Cornwall LivingIssue #103
Saving lives in 2020
As a vital part of the emergency services in Cornwall and the Isles of Scilly, despite the lockdowns, Cornwall Air Ambulance has had to find a way to go on.
Illness and injury haven’t gone into lockdown and despite the pandemic, the need for critical care by air has continued to rise. With a brand new helicopter, the crew of Cornwall Air Ambulance attended hundreds of patients in 2020, saving countless lives and keeping families together. One of those people was Keith.
Critical care paramedics Thomas and Lisa were tasked to reports of a quad bike incident not far from the charity’s base in Newquay. Arriving at the scene, they found 63-year-old farmer Keith had been hit by a trailer and quad bike. He suffered life-threatening chest injuries and was struggling to breathe.
As they assessed his condition, Lisa noticed air bubbles under the skin on Keith’s back – known as surgical emphysema, this indicates that air is leaking from lungs under the skin.
Thomas said: “My first impression of Keith was of someone who looked very ill, he was pale and had obvious injuries to his head and chest. I was a bit worried for him.”
“Patients that are in pain and have been involved in a traumatic incident are scared, so it’s quite a normal reaction to be emotive. It’s part of our role to reassure them that they are in safe hands. For Keith it was about getting his pain under control and facilitating the rescue from the scene.”
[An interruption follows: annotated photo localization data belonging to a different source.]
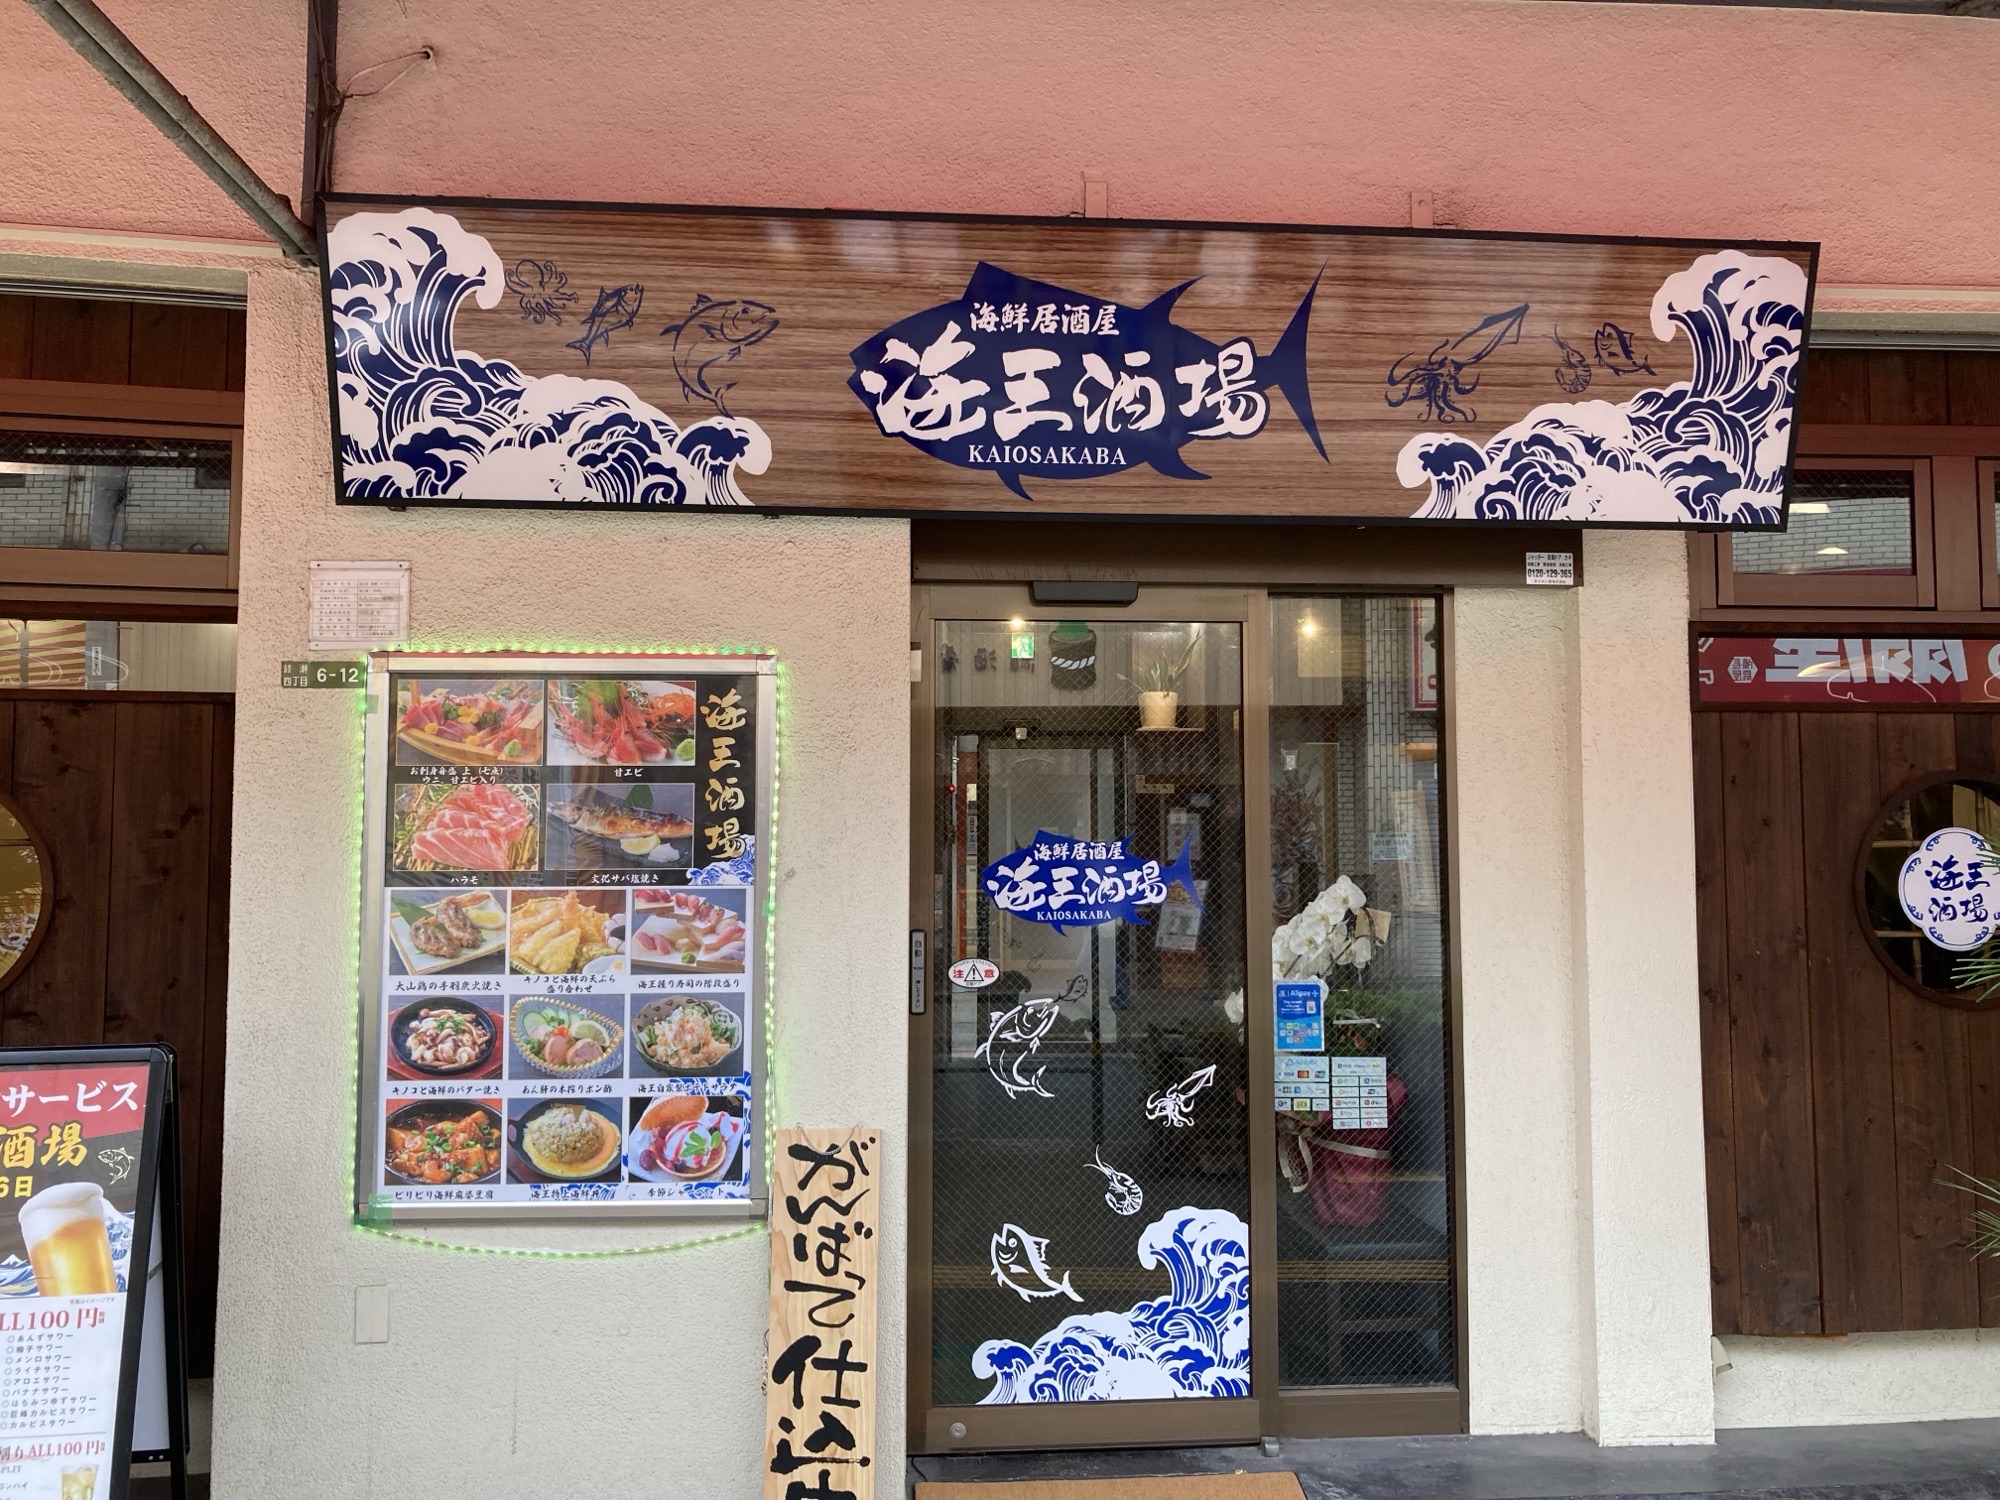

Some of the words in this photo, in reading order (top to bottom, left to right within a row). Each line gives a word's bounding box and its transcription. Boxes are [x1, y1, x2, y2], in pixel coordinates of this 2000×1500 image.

[970, 302, 1120, 337] 海鮮居酒屋
[861, 320, 1267, 441] 海王酒場
[968, 445, 1127, 466] KAIOSAKABA
[283, 676, 308, 687] 四丁目
[316, 667, 359, 683] 6-12
[614, 767, 643, 778] 甘エビ
[700, 687, 746, 859] 海王酒場
[1033, 840, 1125, 862] 海鮮居酒屋
[450, 875, 479, 885] ハラモ
[591, 873, 660, 884] 文化サバ塩焼き
[986, 857, 1168, 910] 海王酒場
[1036, 910, 1112, 922] KAIOSAKABA
[1928, 893, 1988, 923] 酒場
[546, 984, 593, 993] 盛り合わせ
[1, 1080, 139, 1118] サービス
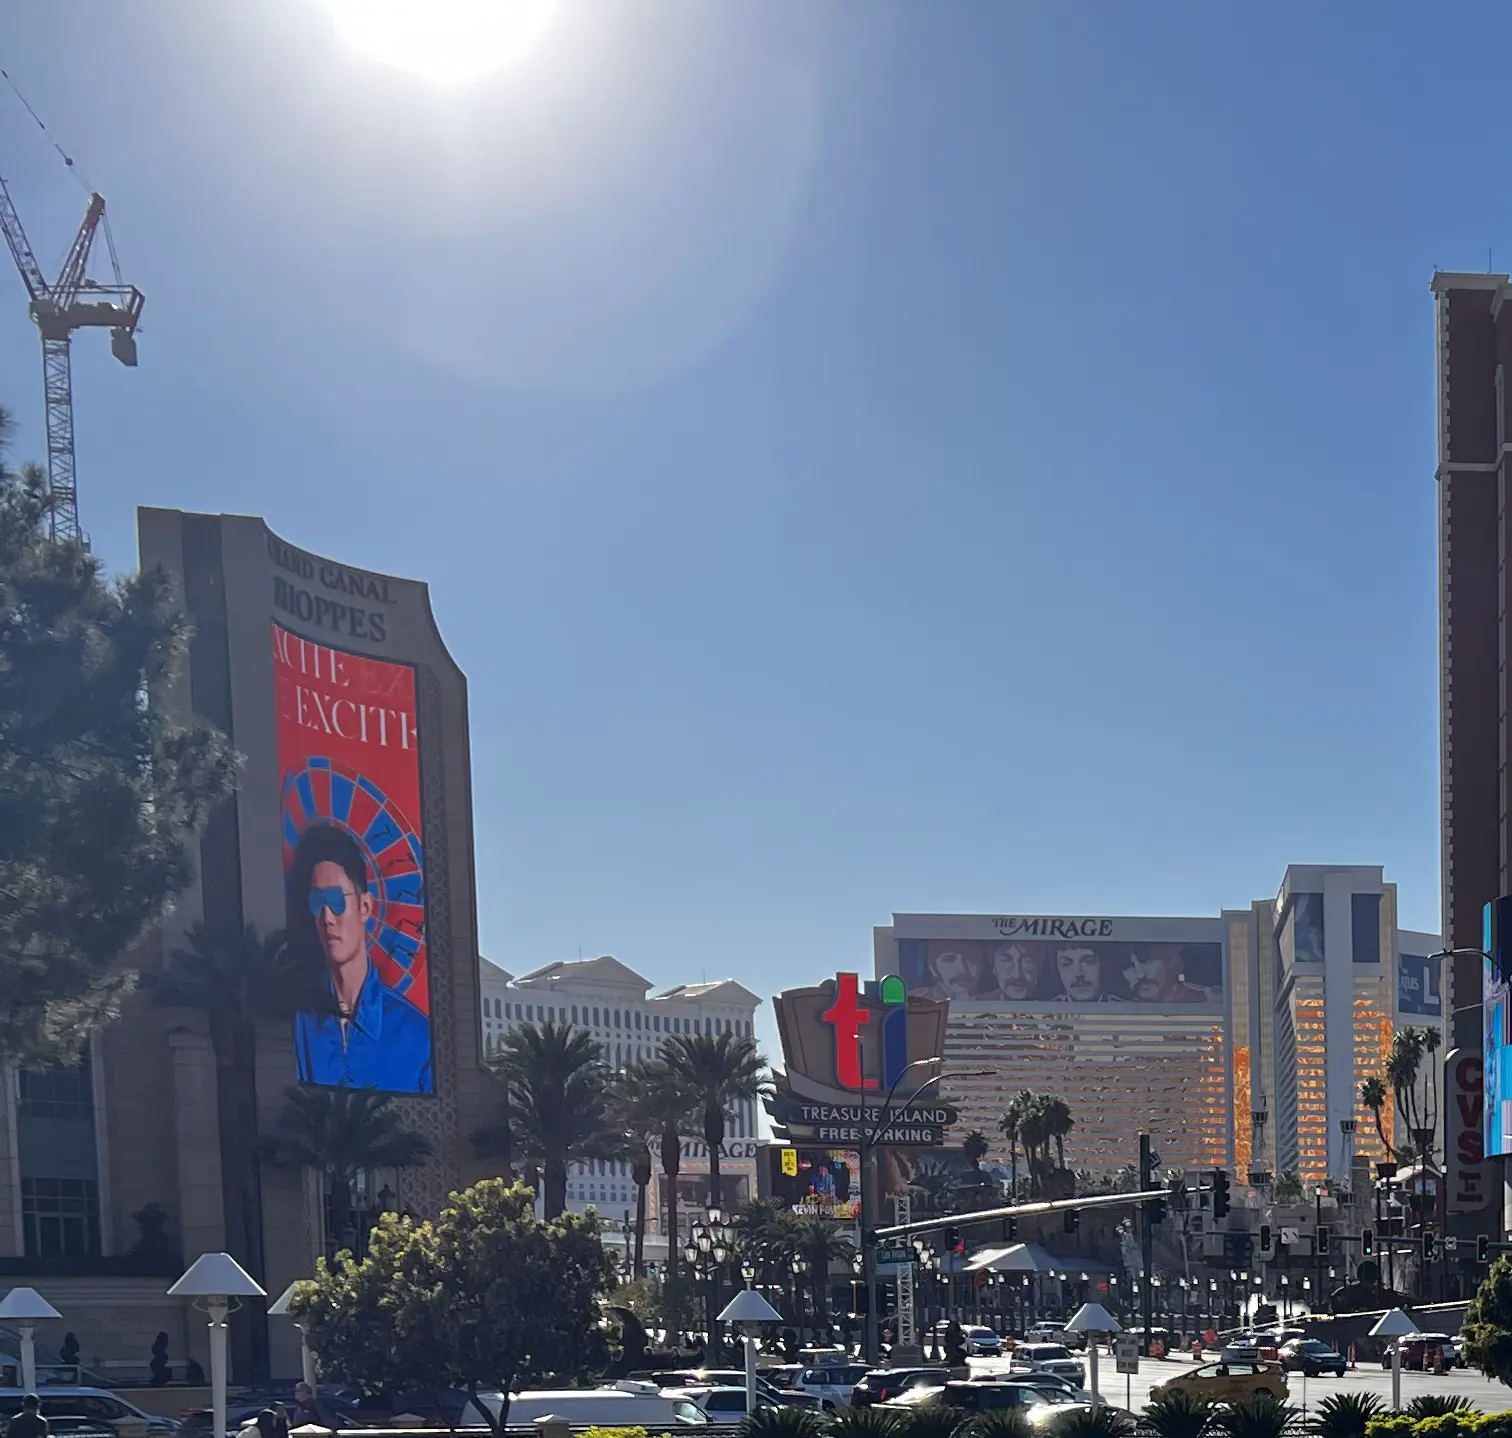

The critical care team administered morphine and ketamine to help Keith with the pain before he was transferred into the helicopter.
From there, it was a 20 minute flight to Derriford Hospital, where he spent a week recovering from multiple injuries.
Following the incident, Keith said: “It was my breathing I was most concerned about. I was relieved when they turned up. They were great, it makes the back of my eyes sting with the kindness.”
The Covid-19 pandemic brought about challenges both in the way the critical care crew operate, but also in how the charity raises the funds to keep the helicopter flying. “Spreading the message of Cornwall Air Ambulance far and wide has been key to keeping those vital donations coming in,” explains Paula Martin, Cornwall Air Ambulance’s Chief Executive. “We partner with local businesses to help do that and it’s thanks to those such as Engine House Media, Hilltribe Media, Fernbank Advertising and Pirate FM (among many others), that we have been able to continue saving lives. Thank you to everybody who has supported Cornwall Air Ambulance this year.”